Denise Welch apologises after blistering backlash over ‘utterly dangerous’ HIV tweet

Denise Welch

Denise Welch has come under fire after questioning why a straight woman was getting an HIV test, just weeks after it was revealed that straight people made up almost half of all new HIV diagnoses in 2020.

The Loose Women star faced immediate backlash for her misguided comment on Monday (8 February), which saw her ask Conservative MP Maria Caulfield why she was encouraging everyone to get tested for the virus as part of HIV Testing Week.

Her tweet was shared despite the fact Caulfield had made it pretty clear why she got the test in her tweet which read: “Today I joined #HIVTestingWeek by getting a quick, easy test for HIV. Viruses don’t discriminate – anyone can get HIV so I’d encourage anyone who hasn’t yet to find out your HIV status to help achieve our goal to end HIV transmission in England by 2030.”

Indeed, many Twitter users were disappointed by the former Coronation Street star’s tweet and she quickly deleted the comment.


However, the online backlash led Welch to respond to criticism with a grovelling apology as she tweeted: “My apologies. It was Ill informed.

“As a lifelong supporter of the LGBGTQ community it was a result of the govt lies and propaganda which I have questioned for 2 yrs and the timing. I was wrong and I’m sorry x.”

Many disappointed fans stressed how the star’s misguided message was particularly distressing due to recent figures revealing a large number of transmissions in straight people.

“Denise Welch HIV tweet leaves a bad taste in your mouth; in a year when there were more transmissions of HIV/AIDS in the straights than the gays,” one wrote. “It is a disease that universally effects all people and this bitch out here huffing out of her arse despite living through the 80’s.”

Richard Angell, Campaigns Director at Terrence Higgins Trust, told PinkNews in a statement: “National HIV Testing Week has been running for 10 years to increase HIV testing and promote its benefits. Everyone should test for HIV because anyone can be affected by it – regardless of gender, ethnicity, sexuality, age or anything else – and it is always best to know your status.

“The number of new HIV diagnoses in straight people is higher than in gay and bisexual men for the first time in over a decade, marking a shift in the shape of the HIV epidemic in the UK. Gay and bisexual men continue to be disproportionately affected, so schedule a regular test.”


He concluded: “For anyone who’s sexually active who has never tested or not tested in a while National HIV Testing Week is the perfect opportunity to know your status and take charge of your sexual health.

“It’s never been easier to get an HIV test and to get a result quickly. You can order a free postal HIV test to do at home via or test in person at a sexual health clinic.”

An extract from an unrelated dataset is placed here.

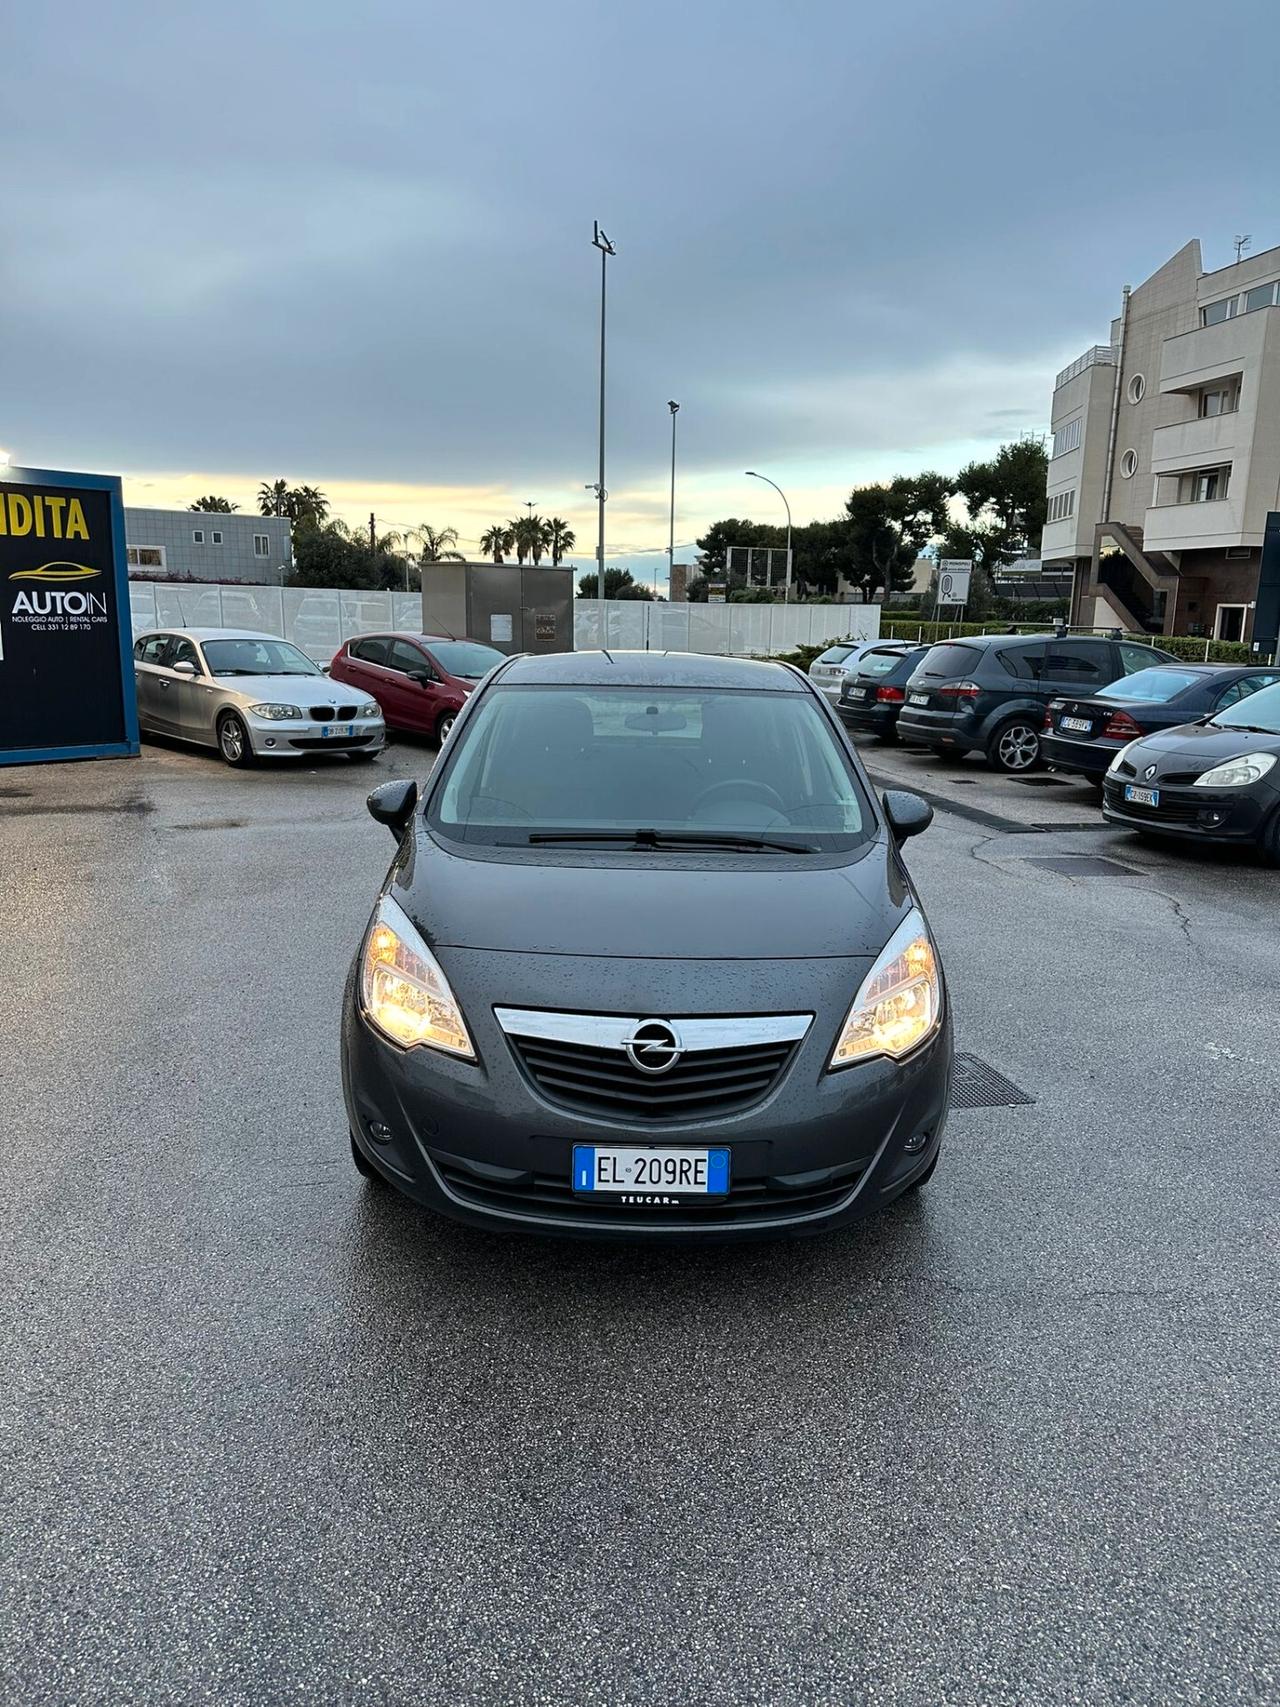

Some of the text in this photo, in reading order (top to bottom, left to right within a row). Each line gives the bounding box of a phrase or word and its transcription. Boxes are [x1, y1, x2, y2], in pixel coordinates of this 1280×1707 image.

[0, 493, 90, 540] DITA
[597, 1156, 707, 1185] EL 209RE
[621, 1196, 669, 1204] TEUCAR
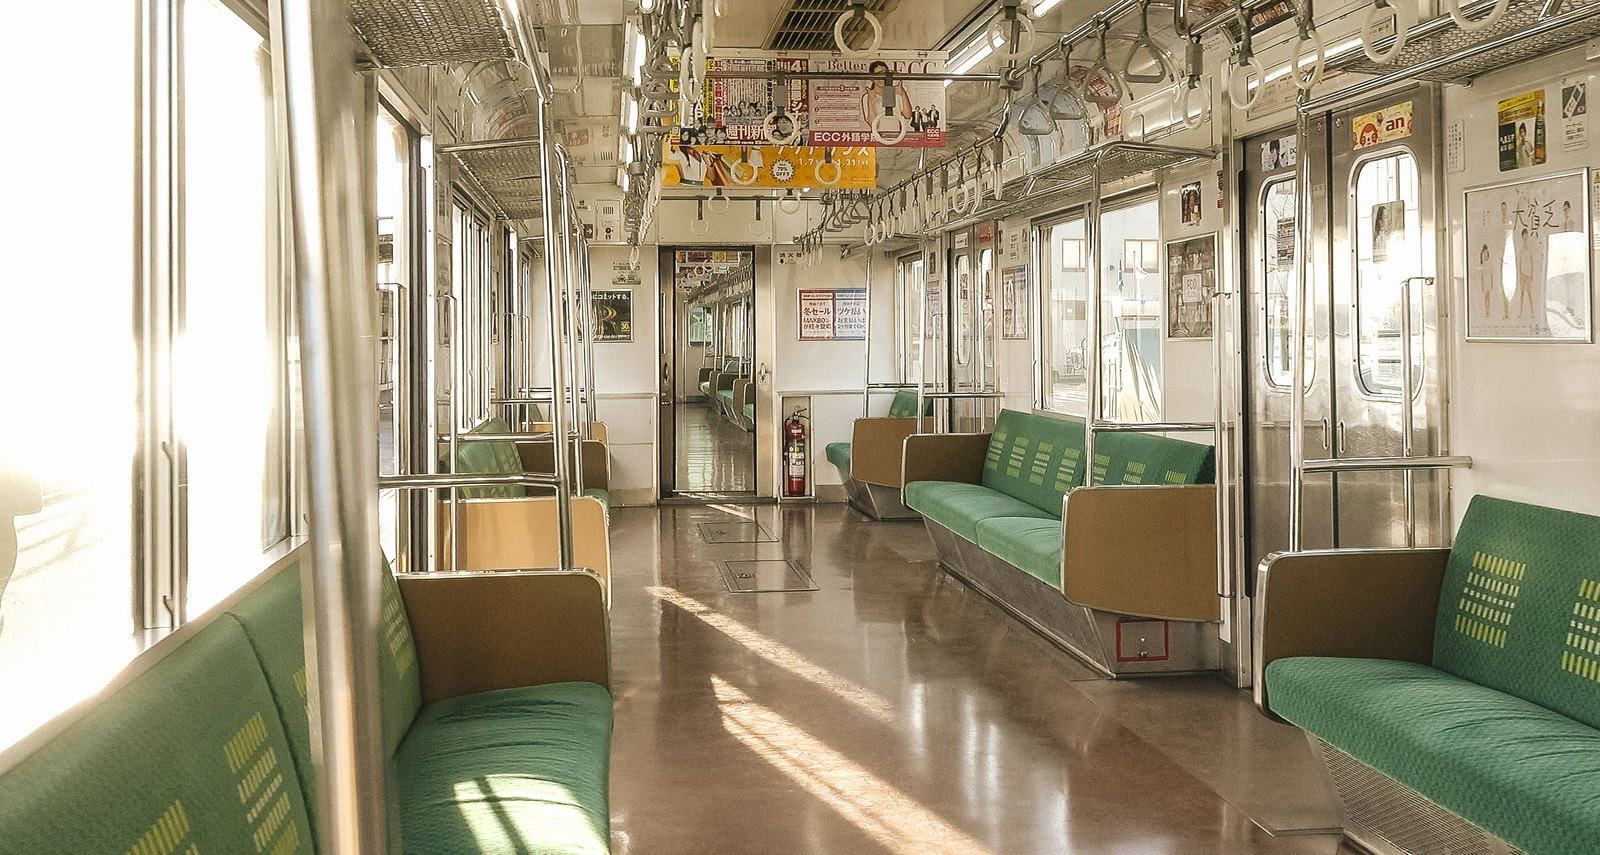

Indeed, new figures released by the UK Health Security Agency revealed that straight people made up almost half (49 per cent) of all new diagnoses while gay and bisexual men accounted for 45 per cent.

The stats also show that 51 per cent of women, 55 per cent of heterosexual men and 66 per cent of those aged over 65 were diagnosed at a late stage in 2020. By comparison, just 29 per cent of gay and bisexual men were diagnosed late.

Experts are now warning that the true number of straight people contracting HIV is likely even higher because the coronavirus pandemic has led to a 33 per cent drop in heterosexuals being tested for the virus in sexual health services in 2020 – compared to a seven per cent drop in HIV testing for gay and bisexual men.

The news is concerning due to the fact straight people with HIV are significantly more likely to be diagnosed late, meaning they’re more likely to pass it on through sex.

In recent years, more straight women who are living with HIV in the UK have been speaking out to raise awareness.

Sue Hunter, who was diagnosed 15 years ago after she entered into a new relationship following a divorce, previously told PinkNews that she almost didn’t get tested because she had “massive misconceptions” about HIV.

She recalled how her family were shocked when she told them about her diagnosis because, like many others, they wrongly assumed it was a virus that only affected gay and bisexual men.

Hunter – working in collaboration with Terrence Higgins Trust – has been urging other straight people who are sexually active to get tested for HIV, especially as she says she had “no signs or symptoms” that she had contracted the virus before she got her diagnosis.

“Don’t sit on the sofa waiting for someone to knock on your door,” she stated. “I was lucky that the partner I had was a nice guy. He didn’t have to tell me – he did it because he was a nice guy.

“HIV does not discriminate. I’m a woman living with HIV for the last 15 years, and if you look at the statistics, a third of people living with HIV in the UK are women, and 52 per cent of people with the virus worldwide are women.

“The best thing you can do is know your status. If you’re sexually active and you haven’t had a HIV test for a while, go and get one.”